Она прекратила истерить и бросила на меня удивленный взгляд:
— Как это?
Рафаэль:
— А так! Ты будешь, как и раньше, продолжать отправлять Миронову сводки продаж, только не реальные, а те, которые я тебе буду давать. Договорились?
Танюшка:
— Я… я не знаю…
Рафаэль:
— Если по рукам, я тебя прощу, к тому же никто никогда не узнает о твоем предательстве. Если нет, ты не оставишь мне выбора. Я вынужден буду поступить очень, очень, очень плохо.
Я вряд ли представлял, что подразумеваю под риторической фразой «очень плохо», но, очевидно, мои слова произвели на Танюшку неизгладимое впечатление. Она вся скукожилась, словно от нестерпимого холода, и выдавила из себя с трудом, как засохшую зубную пасту из тюбика:
— Я… согласна… Рафаэль… Михайлович…
— Вот и молодец! — откинулся я в кресле. — Неплохо я придумал, правда?! Миронов будет получать то, что хочет, я буду поставлять ему дезинформацию, ты будешь спокойно работать, не опасаясь возмездия, а твой Борик может смело продолжать тырить стройматериалы. И волки, как говорится, сыты, и овцы целы! Знаешь что, я даже удвою твой оклад и разрешу оставить себе те деньги, которые пообещал тебе Миронов.
Судя по всему, последнее Танюшке особенно понравилось — ее слезы высохли, а в глазах возникла этакая признательно-трогательная грустинка, та самая, под впечатлением от которой, я однажды с ней переспал. А ведь я просто использовал заезженный телемагазинный прием: обозначаешь серьезную проблему, потом нагнетаешь, стращаешь, сгущаешь краски, рисуешь смелыми мазками картинку полной безысходности… и неожиданно являешь удивительно простое, но гениальное и недорогое избавление.
Я подошел к женщине сзади, положил руки ей на плечи и по-отечески поцеловал в голову. Она смущенно встала, и тогда я очертил маниакальным взглядом ту воображаемую волнующую линию, которая опускалась по ее спине и обрисовывала лакомый зад. Я обнял ее со спины, прижался к ней, впился губами ей в шею, а мои горячие руки уже ощупывали ее сдобный рельеф: бока, груди и вздутый, обремененный плодом живот.
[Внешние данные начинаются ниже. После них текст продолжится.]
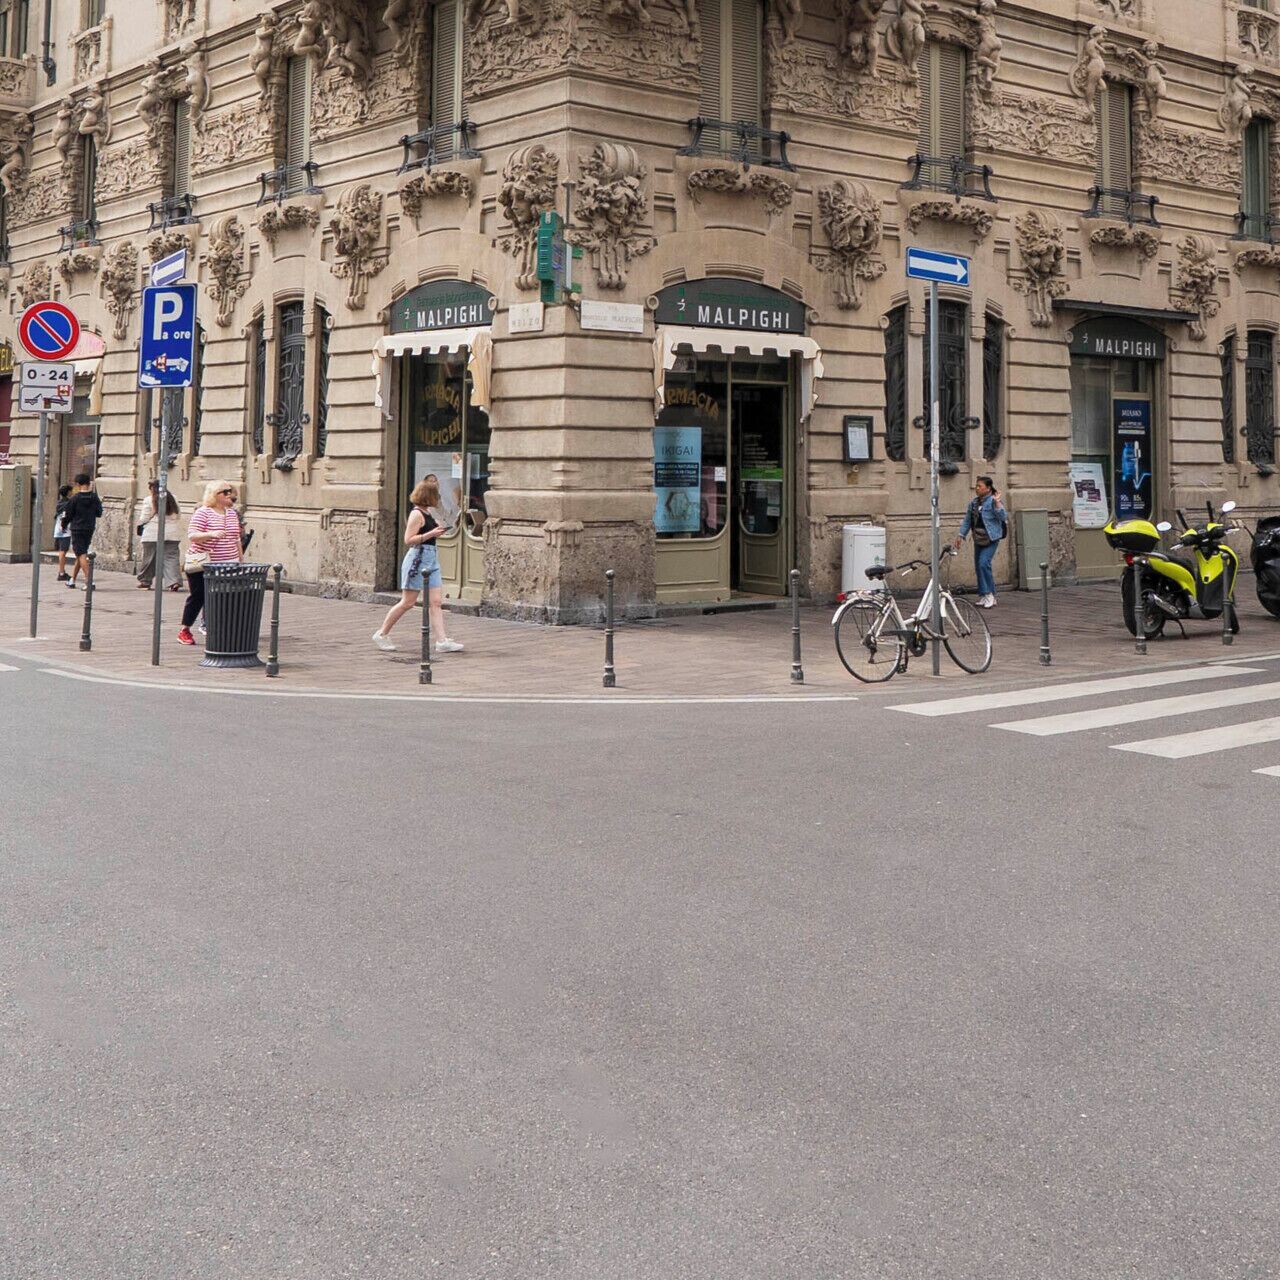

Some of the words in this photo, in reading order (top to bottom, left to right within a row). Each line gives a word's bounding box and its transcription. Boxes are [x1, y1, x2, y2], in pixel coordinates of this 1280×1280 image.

От нее едва уловимо веяло потом, и этот запах меня волновал.
Танюшка повернулась ко мне смущенным лицом.
— Может быть, не надо? — слабовольно предложила она.
— Надо! — безапелляционно отрезал я. — Мы аккуратно… Постой…
Я поспешил запереть дверь и отхлебнул из бутылки коньяка.
Как там у Расторгуева? «Mature pregnant fucked»?
Короче, позвоните по указанному многоканальному телефону и узнайте от наших операторов о дополнительных бонусах!